WHAT YOU SHOULD DO:
Output the complete listing exactly, please, and keep the pictures out of it.

═════ RECORDS PROVIDED ═════

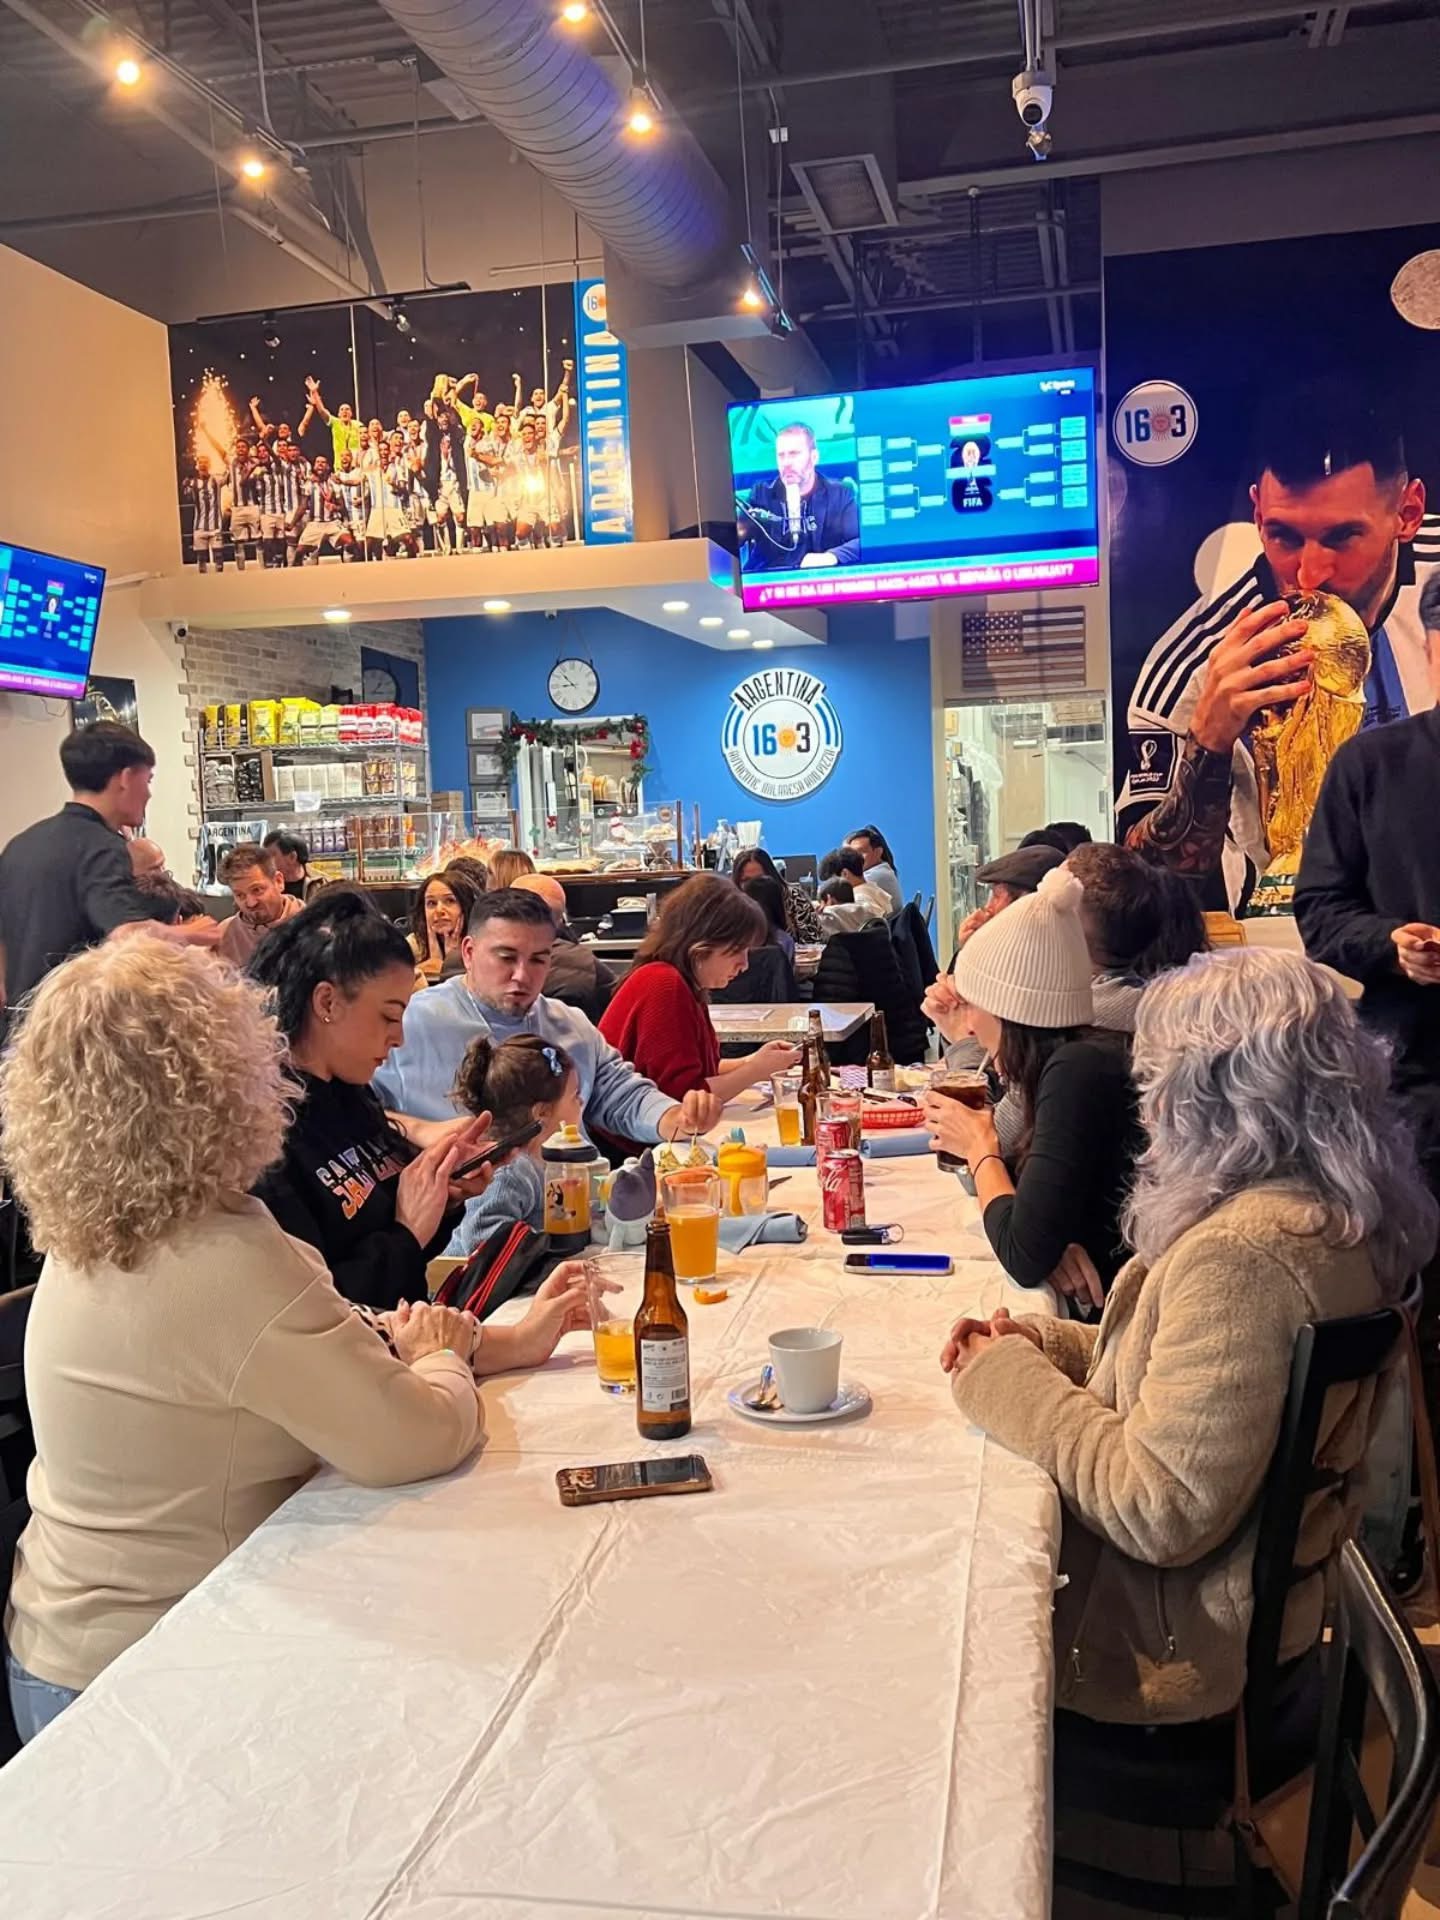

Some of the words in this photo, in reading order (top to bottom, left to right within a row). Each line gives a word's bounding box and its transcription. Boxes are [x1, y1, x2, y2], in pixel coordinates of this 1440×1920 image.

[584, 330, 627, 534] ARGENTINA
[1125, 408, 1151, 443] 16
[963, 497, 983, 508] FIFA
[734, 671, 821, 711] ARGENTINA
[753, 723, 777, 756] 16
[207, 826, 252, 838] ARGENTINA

═════

WRITTEN ANSWER:
Some of the words in this photo, in reading order (top to bottom, left to right within a row). Each line gives a word's bounding box and its transcription. Boxes are [x1, y1, x2, y2], in pixel coordinates of this 1440×1920 image.

[584, 330, 627, 534] ARGENTINA
[1125, 408, 1151, 443] 16
[963, 497, 983, 508] FIFA
[734, 671, 821, 711] ARGENTINA
[753, 723, 777, 756] 16
[207, 826, 252, 838] ARGENTINA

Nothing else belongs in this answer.